-------- Given records --------

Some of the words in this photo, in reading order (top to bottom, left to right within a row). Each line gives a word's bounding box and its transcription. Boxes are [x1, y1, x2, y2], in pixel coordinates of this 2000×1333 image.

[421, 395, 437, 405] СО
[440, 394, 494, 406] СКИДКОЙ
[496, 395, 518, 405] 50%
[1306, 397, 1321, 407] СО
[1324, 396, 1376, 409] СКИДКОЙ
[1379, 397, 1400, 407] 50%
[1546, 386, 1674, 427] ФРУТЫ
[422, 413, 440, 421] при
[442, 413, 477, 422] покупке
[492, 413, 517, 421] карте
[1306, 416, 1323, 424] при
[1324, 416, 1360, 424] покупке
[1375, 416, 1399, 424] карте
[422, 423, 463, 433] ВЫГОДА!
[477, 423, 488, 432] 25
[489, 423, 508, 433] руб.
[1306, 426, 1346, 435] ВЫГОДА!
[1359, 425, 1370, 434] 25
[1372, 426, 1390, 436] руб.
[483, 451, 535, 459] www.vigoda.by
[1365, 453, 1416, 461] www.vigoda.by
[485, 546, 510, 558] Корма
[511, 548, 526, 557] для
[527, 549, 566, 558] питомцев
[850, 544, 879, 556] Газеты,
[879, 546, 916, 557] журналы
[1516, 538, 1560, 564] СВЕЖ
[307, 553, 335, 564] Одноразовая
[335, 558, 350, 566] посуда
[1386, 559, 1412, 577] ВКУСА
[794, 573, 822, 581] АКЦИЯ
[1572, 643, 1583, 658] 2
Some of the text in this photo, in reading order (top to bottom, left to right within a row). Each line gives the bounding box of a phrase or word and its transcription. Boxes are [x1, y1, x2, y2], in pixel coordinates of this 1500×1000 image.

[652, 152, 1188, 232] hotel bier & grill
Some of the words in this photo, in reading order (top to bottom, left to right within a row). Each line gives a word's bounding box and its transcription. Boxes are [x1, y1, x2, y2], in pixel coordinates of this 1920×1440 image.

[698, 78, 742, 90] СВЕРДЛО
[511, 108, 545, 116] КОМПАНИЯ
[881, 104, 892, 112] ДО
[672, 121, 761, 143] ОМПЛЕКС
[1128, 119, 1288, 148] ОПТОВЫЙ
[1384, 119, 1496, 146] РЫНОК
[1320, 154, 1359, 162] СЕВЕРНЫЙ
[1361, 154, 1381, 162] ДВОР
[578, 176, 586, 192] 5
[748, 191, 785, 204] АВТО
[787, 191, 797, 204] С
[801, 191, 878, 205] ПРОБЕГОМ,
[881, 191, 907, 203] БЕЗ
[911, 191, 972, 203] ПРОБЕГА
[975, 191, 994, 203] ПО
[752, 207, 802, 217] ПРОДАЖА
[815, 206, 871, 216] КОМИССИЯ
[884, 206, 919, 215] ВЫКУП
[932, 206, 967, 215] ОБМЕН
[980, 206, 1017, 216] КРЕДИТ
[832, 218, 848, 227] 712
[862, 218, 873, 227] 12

--------

§ Problem:
Repeat all of the entries above exactly.

§ Exercise response:
Some of the words in this photo, in reading order (top to bottom, left to right within a row). Each line gives a word's bounding box and its transcription. Boxes are [x1, y1, x2, y2], in pixel coordinates of this 2000×1333 image.

[421, 395, 437, 405] СО
[440, 394, 494, 406] СКИДКОЙ
[496, 395, 518, 405] 50%
[1306, 397, 1321, 407] СО
[1324, 396, 1376, 409] СКИДКОЙ
[1379, 397, 1400, 407] 50%
[1546, 386, 1674, 427] ФРУТЫ
[422, 413, 440, 421] при
[442, 413, 477, 422] покупке
[492, 413, 517, 421] карте
[1306, 416, 1323, 424] при
[1324, 416, 1360, 424] покупке
[1375, 416, 1399, 424] карте
[422, 423, 463, 433] ВЫГОДА!
[477, 423, 488, 432] 25
[489, 423, 508, 433] руб.
[1306, 426, 1346, 435] ВЫГОДА!
[1359, 425, 1370, 434] 25
[1372, 426, 1390, 436] руб.
[483, 451, 535, 459] www.vigoda.by
[1365, 453, 1416, 461] www.vigoda.by
[485, 546, 510, 558] Корма
[511, 548, 526, 557] для
[527, 549, 566, 558] питомцев
[850, 544, 879, 556] Газеты,
[879, 546, 916, 557] журналы
[1516, 538, 1560, 564] СВЕЖ
[307, 553, 335, 564] Одноразовая
[335, 558, 350, 566] посуда
[1386, 559, 1412, 577] ВКУСА
[794, 573, 822, 581] АКЦИЯ
[1572, 643, 1583, 658] 2
Some of the text in this photo, in reading order (top to bottom, left to right within a row). Each line gives the bounding box of a phrase or word and its transcription. Boxes are [x1, y1, x2, y2], in pixel coordinates of this 1500×1000 image.

[652, 152, 1188, 232] hotel bier & grill
Some of the words in this photo, in reading order (top to bottom, left to right within a row). Each line gives a word's bounding box and its transcription. Boxes are [x1, y1, x2, y2], in pixel coordinates of this 1920×1440 image.

[698, 78, 742, 90] СВЕРДЛО
[511, 108, 545, 116] КОМПАНИЯ
[881, 104, 892, 112] ДО
[672, 121, 761, 143] ОМПЛЕКС
[1128, 119, 1288, 148] ОПТОВЫЙ
[1384, 119, 1496, 146] РЫНОК
[1320, 154, 1359, 162] СЕВЕРНЫЙ
[1361, 154, 1381, 162] ДВОР
[578, 176, 586, 192] 5
[748, 191, 785, 204] АВТО
[787, 191, 797, 204] С
[801, 191, 878, 205] ПРОБЕГОМ,
[881, 191, 907, 203] БЕЗ
[911, 191, 972, 203] ПРОБЕГА
[975, 191, 994, 203] ПО
[752, 207, 802, 217] ПРОДАЖА
[815, 206, 871, 216] КОМИССИЯ
[884, 206, 919, 215] ВЫКУП
[932, 206, 967, 215] ОБМЕН
[980, 206, 1017, 216] КРЕДИТ
[832, 218, 848, 227] 712
[862, 218, 873, 227] 12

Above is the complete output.